===== The data
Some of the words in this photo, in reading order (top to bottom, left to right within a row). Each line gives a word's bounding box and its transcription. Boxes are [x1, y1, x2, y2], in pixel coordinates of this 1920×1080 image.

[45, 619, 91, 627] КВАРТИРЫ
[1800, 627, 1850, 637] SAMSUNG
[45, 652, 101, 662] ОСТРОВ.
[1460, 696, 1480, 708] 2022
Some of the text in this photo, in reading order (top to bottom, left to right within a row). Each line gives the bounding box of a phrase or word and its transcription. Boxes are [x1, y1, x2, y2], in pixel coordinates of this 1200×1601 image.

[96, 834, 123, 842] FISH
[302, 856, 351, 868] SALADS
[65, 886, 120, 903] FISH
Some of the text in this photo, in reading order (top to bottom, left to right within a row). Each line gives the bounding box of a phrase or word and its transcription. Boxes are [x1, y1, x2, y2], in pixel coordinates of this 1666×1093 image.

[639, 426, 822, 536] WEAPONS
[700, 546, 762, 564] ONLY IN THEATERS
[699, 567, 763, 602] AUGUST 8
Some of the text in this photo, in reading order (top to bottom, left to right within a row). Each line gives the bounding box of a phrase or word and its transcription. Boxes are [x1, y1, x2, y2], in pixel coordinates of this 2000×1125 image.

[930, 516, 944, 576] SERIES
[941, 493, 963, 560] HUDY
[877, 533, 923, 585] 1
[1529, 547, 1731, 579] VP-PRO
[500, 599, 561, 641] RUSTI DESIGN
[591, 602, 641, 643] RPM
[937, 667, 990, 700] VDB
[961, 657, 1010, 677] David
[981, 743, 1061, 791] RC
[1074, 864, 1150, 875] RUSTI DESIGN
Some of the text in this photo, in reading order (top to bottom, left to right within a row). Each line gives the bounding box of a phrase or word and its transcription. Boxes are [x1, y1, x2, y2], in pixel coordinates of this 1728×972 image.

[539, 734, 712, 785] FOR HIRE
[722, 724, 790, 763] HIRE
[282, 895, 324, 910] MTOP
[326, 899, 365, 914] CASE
==========
- **What you should do**
The reply is to be an exact copy of the listing.

- **Result below**
Some of the words in this photo, in reading order (top to bottom, left to right within a row). Each line gives a word's bounding box and its transcription. Boxes are [x1, y1, x2, y2], in pixel coordinates of this 1920×1080 image.

[45, 619, 91, 627] КВАРТИРЫ
[1800, 627, 1850, 637] SAMSUNG
[45, 652, 101, 662] ОСТРОВ.
[1460, 696, 1480, 708] 2022
Some of the text in this photo, in reading order (top to bottom, left to right within a row). Each line gives the bounding box of a phrase or word and its transcription. Boxes are [x1, y1, x2, y2], in pixel coordinates of this 1200×1601 image.

[96, 834, 123, 842] FISH
[302, 856, 351, 868] SALADS
[65, 886, 120, 903] FISH
Some of the text in this photo, in reading order (top to bottom, left to right within a row). Each line gives the bounding box of a phrase or word and its transcription. Boxes are [x1, y1, x2, y2], in pixel coordinates of this 1666×1093 image.

[639, 426, 822, 536] WEAPONS
[700, 546, 762, 564] ONLY IN THEATERS
[699, 567, 763, 602] AUGUST 8
Some of the text in this photo, in reading order (top to bottom, left to right within a row). Each line gives the bounding box of a phrase or word and its transcription. Boxes are [x1, y1, x2, y2], in pixel coordinates of this 2000×1125 image.

[930, 516, 944, 576] SERIES
[941, 493, 963, 560] HUDY
[877, 533, 923, 585] 1
[1529, 547, 1731, 579] VP-PRO
[500, 599, 561, 641] RUSTI DESIGN
[591, 602, 641, 643] RPM
[937, 667, 990, 700] VDB
[961, 657, 1010, 677] David
[981, 743, 1061, 791] RC
[1074, 864, 1150, 875] RUSTI DESIGN
Some of the text in this photo, in reading order (top to bottom, left to right within a row). Each line gives the bounding box of a phrase or word and its transcription. Boxes are [x1, y1, x2, y2], in pixel coordinates of this 1728×972 image.

[539, 734, 712, 785] FOR HIRE
[722, 724, 790, 763] HIRE
[282, 895, 324, 910] MTOP
[326, 899, 365, 914] CASE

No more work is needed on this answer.